Phrase grounding data:
::::::::

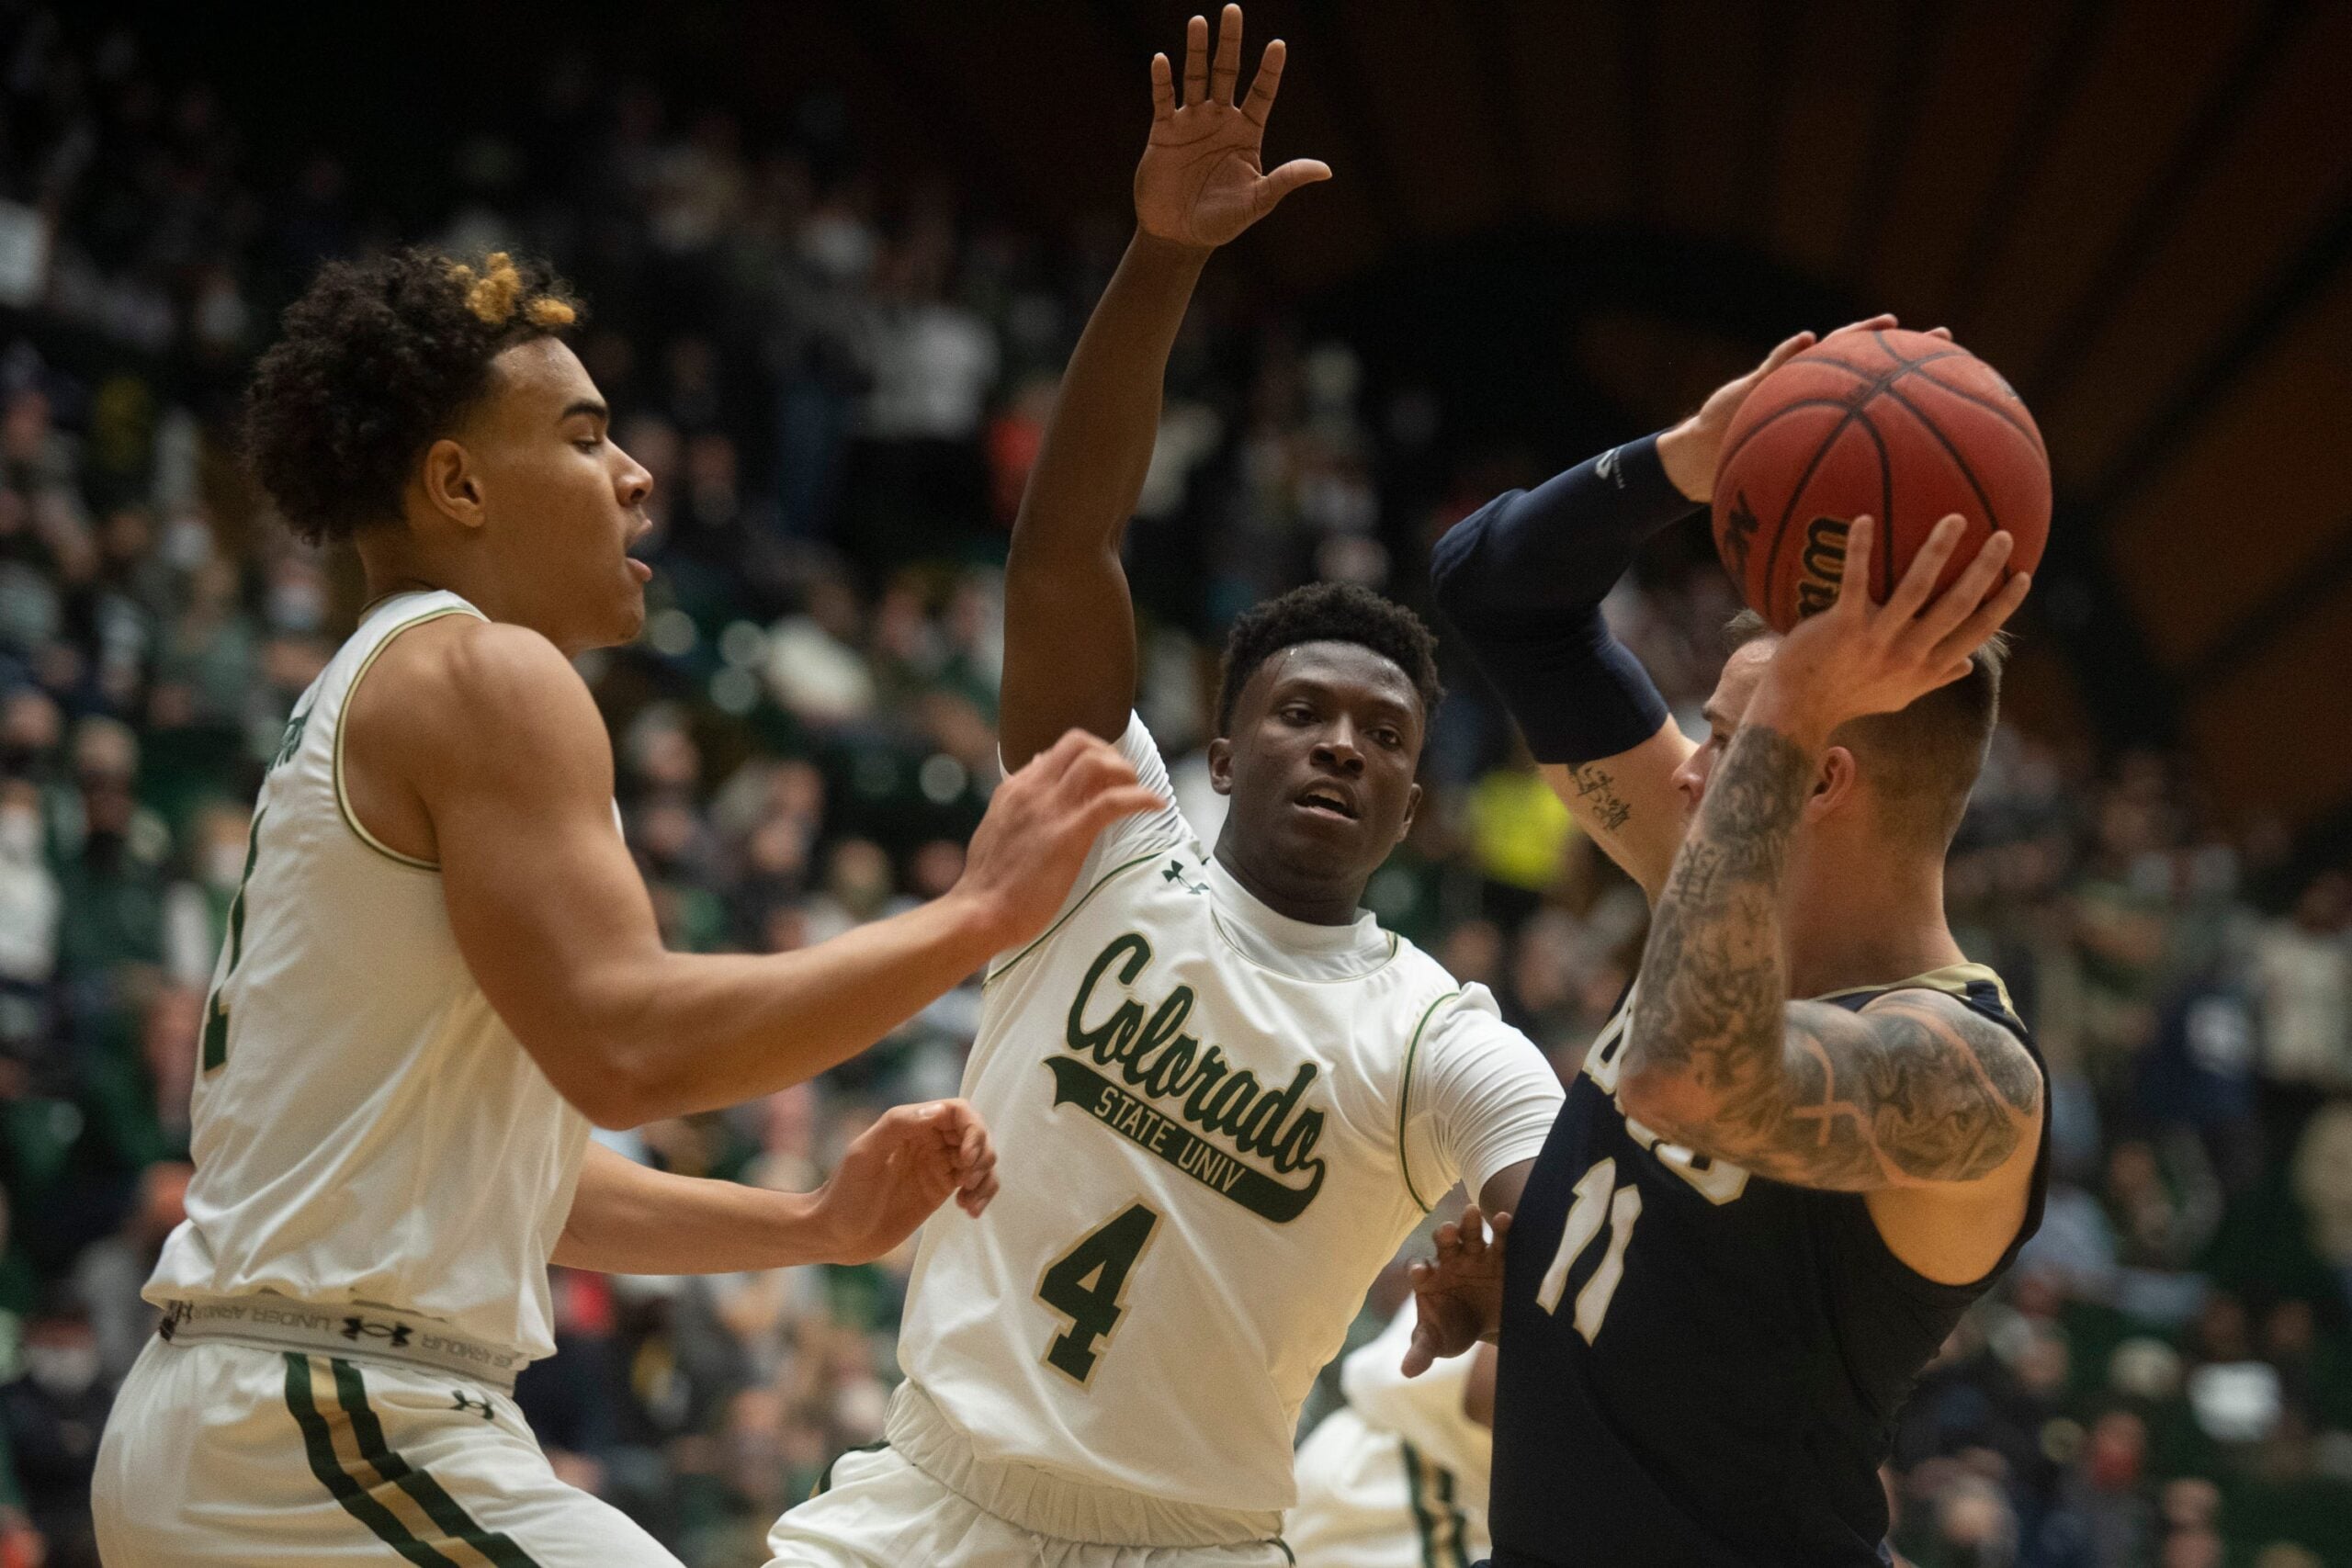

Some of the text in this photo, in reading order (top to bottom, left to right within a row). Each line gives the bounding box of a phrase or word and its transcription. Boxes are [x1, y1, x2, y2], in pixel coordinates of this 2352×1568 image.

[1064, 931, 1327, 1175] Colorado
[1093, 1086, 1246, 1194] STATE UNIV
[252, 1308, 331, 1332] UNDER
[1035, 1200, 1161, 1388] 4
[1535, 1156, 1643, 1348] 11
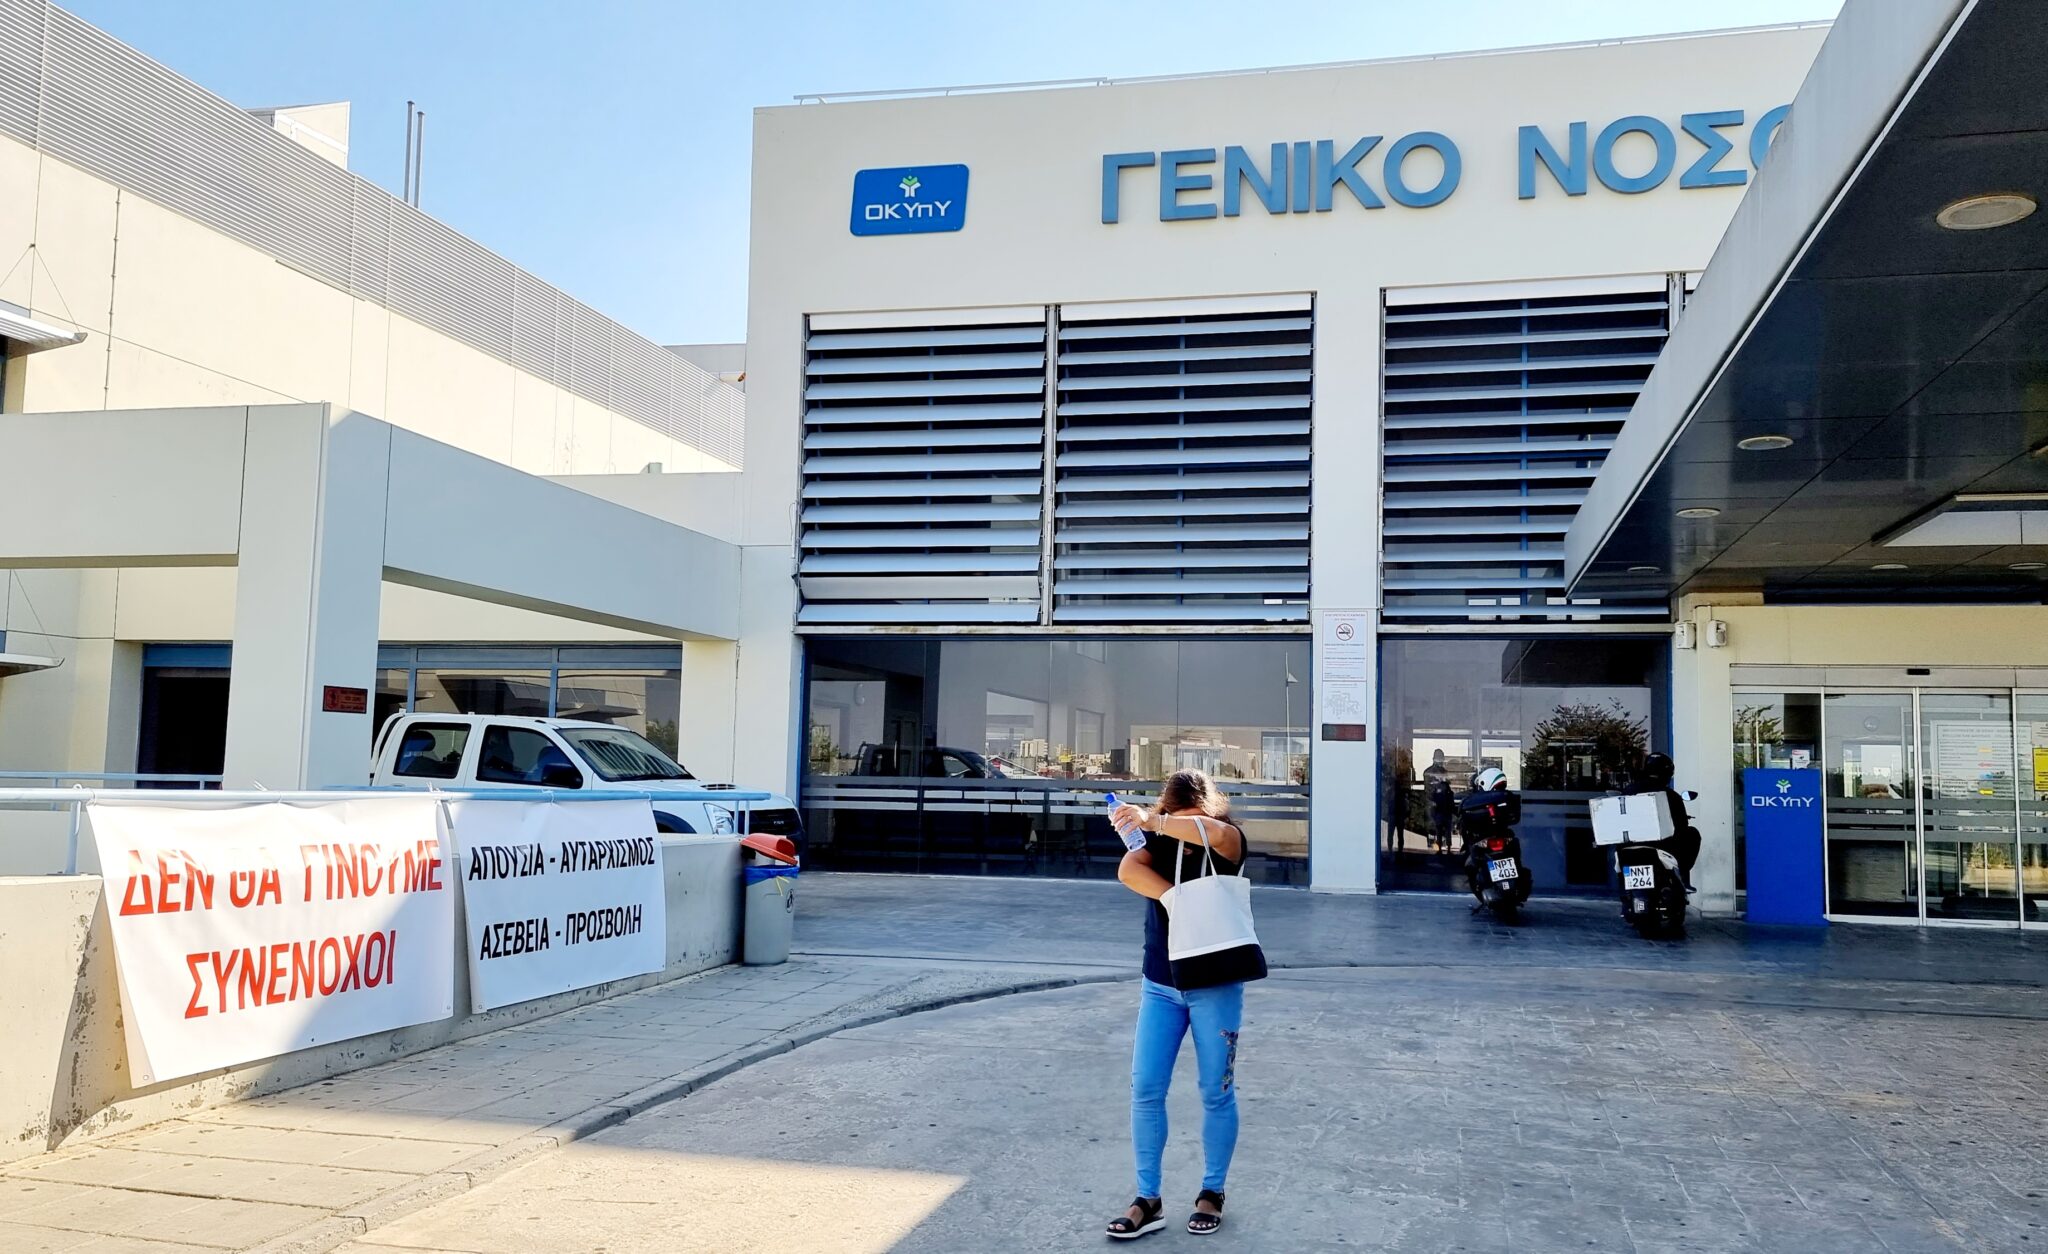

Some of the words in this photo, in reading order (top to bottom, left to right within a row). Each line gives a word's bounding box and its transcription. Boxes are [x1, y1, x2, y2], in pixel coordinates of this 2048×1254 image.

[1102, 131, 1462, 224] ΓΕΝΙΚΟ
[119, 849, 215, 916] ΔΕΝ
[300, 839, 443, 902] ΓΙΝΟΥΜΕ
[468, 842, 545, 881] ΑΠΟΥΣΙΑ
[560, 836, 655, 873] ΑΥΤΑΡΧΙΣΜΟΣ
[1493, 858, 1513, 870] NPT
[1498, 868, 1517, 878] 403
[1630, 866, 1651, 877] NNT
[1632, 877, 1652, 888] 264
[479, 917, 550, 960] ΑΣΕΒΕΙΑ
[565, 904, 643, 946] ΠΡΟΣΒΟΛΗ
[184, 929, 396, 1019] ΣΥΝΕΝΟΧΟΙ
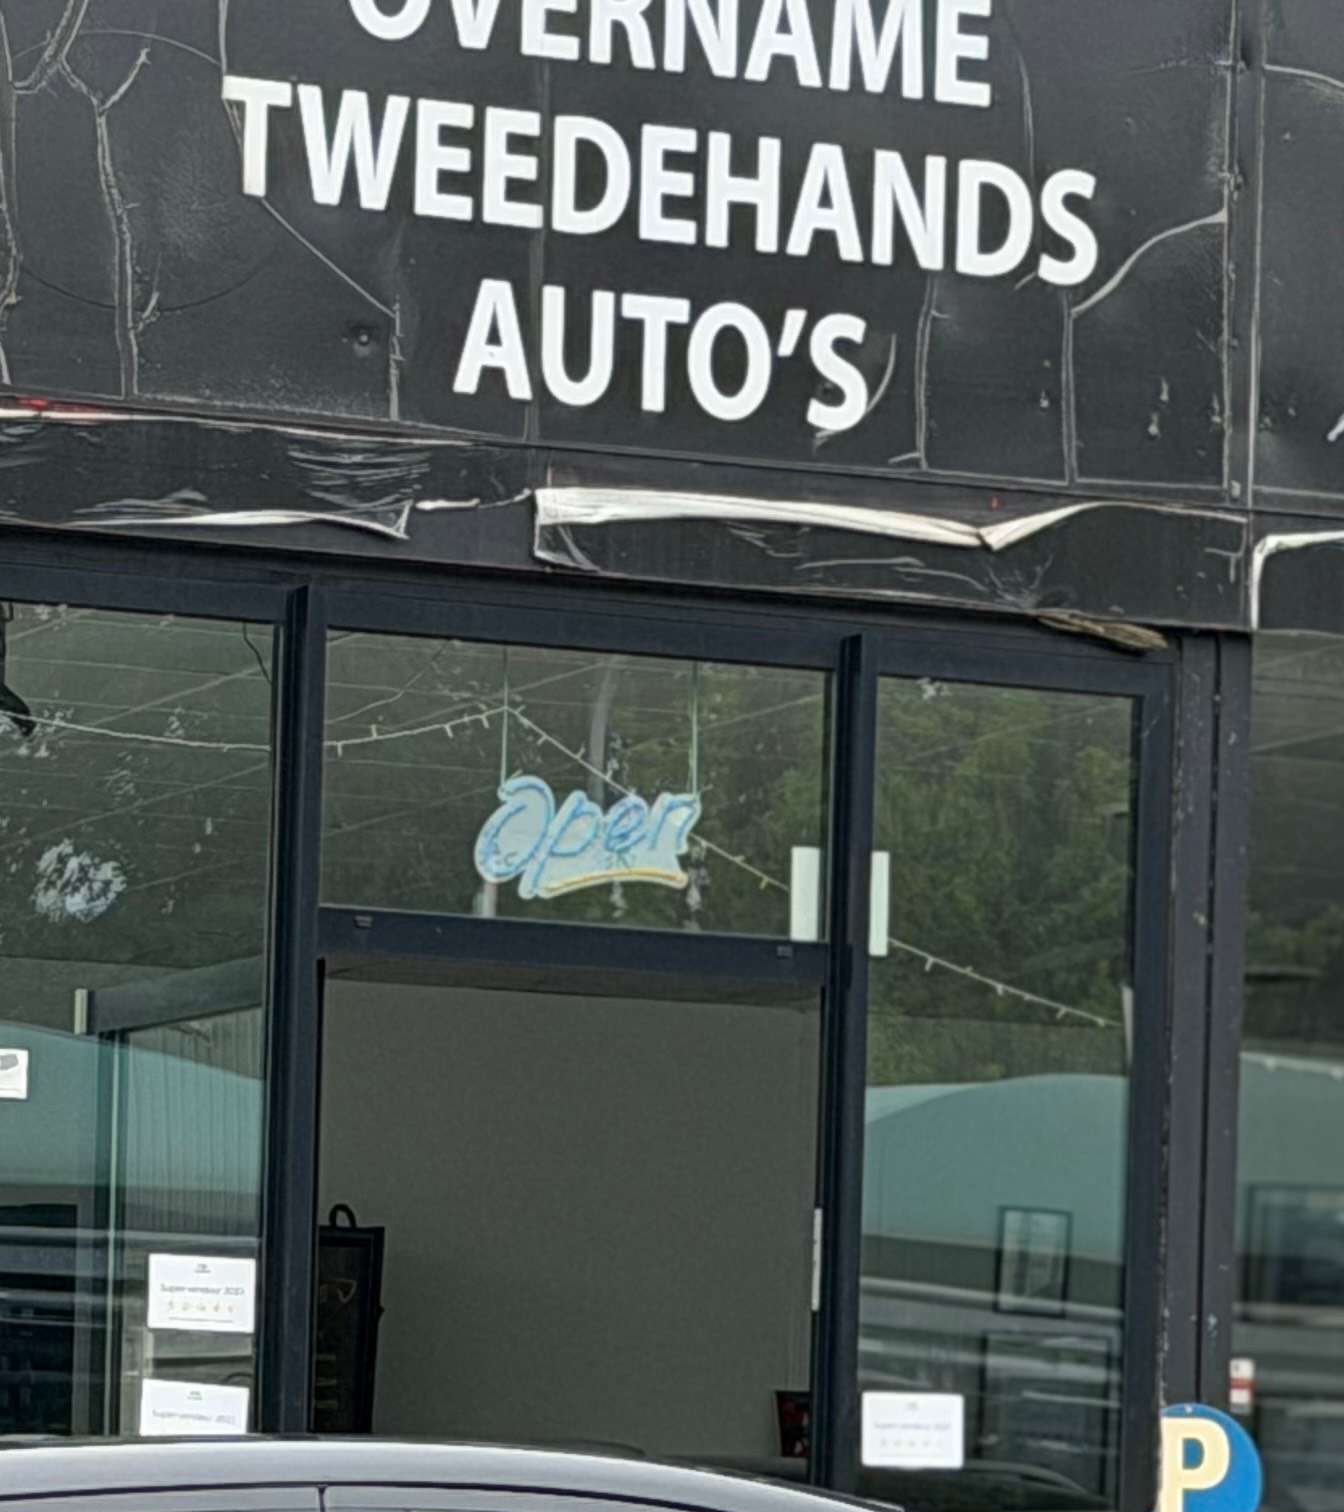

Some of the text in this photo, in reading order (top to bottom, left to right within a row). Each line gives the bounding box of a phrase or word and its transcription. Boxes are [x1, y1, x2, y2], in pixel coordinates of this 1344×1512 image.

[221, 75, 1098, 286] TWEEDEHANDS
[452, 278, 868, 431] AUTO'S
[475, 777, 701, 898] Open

::::::::

What to work on:
Once the pictures are set aside, repeat the remaining data word for word.

Solution for this exercise:
Some of the text in this photo, in reading order (top to bottom, left to right within a row). Each line gives the bounding box of a phrase or word and its transcription. Boxes are [x1, y1, x2, y2], in pixel coordinates of this 2352×1568 image.

[1064, 931, 1327, 1175] Colorado
[1093, 1086, 1246, 1194] STATE UNIV
[252, 1308, 331, 1332] UNDER
[1035, 1200, 1161, 1388] 4
[1535, 1156, 1643, 1348] 11

Some of the words in this photo, in reading order (top to bottom, left to right within a row). Each line gives a word's bounding box and its transcription. Boxes are [x1, y1, x2, y2], in pixel coordinates of this 2048×1254 image.

[1102, 131, 1462, 224] ΓΕΝΙΚΟ
[119, 849, 215, 916] ΔΕΝ
[300, 839, 443, 902] ΓΙΝΟΥΜΕ
[468, 842, 545, 881] ΑΠΟΥΣΙΑ
[560, 836, 655, 873] ΑΥΤΑΡΧΙΣΜΟΣ
[1493, 858, 1513, 870] NPT
[1498, 868, 1517, 878] 403
[1630, 866, 1651, 877] NNT
[1632, 877, 1652, 888] 264
[479, 917, 550, 960] ΑΣΕΒΕΙΑ
[565, 904, 643, 946] ΠΡΟΣΒΟΛΗ
[184, 929, 396, 1019] ΣΥΝΕΝΟΧΟΙ

Some of the text in this photo, in reading order (top to bottom, left to right within a row). Each line gives the bounding box of a phrase or word and its transcription. Boxes are [x1, y1, x2, y2], in pixel coordinates of this 1344×1512 image.

[221, 75, 1098, 286] TWEEDEHANDS
[452, 278, 868, 431] AUTO'S
[475, 777, 701, 898] Open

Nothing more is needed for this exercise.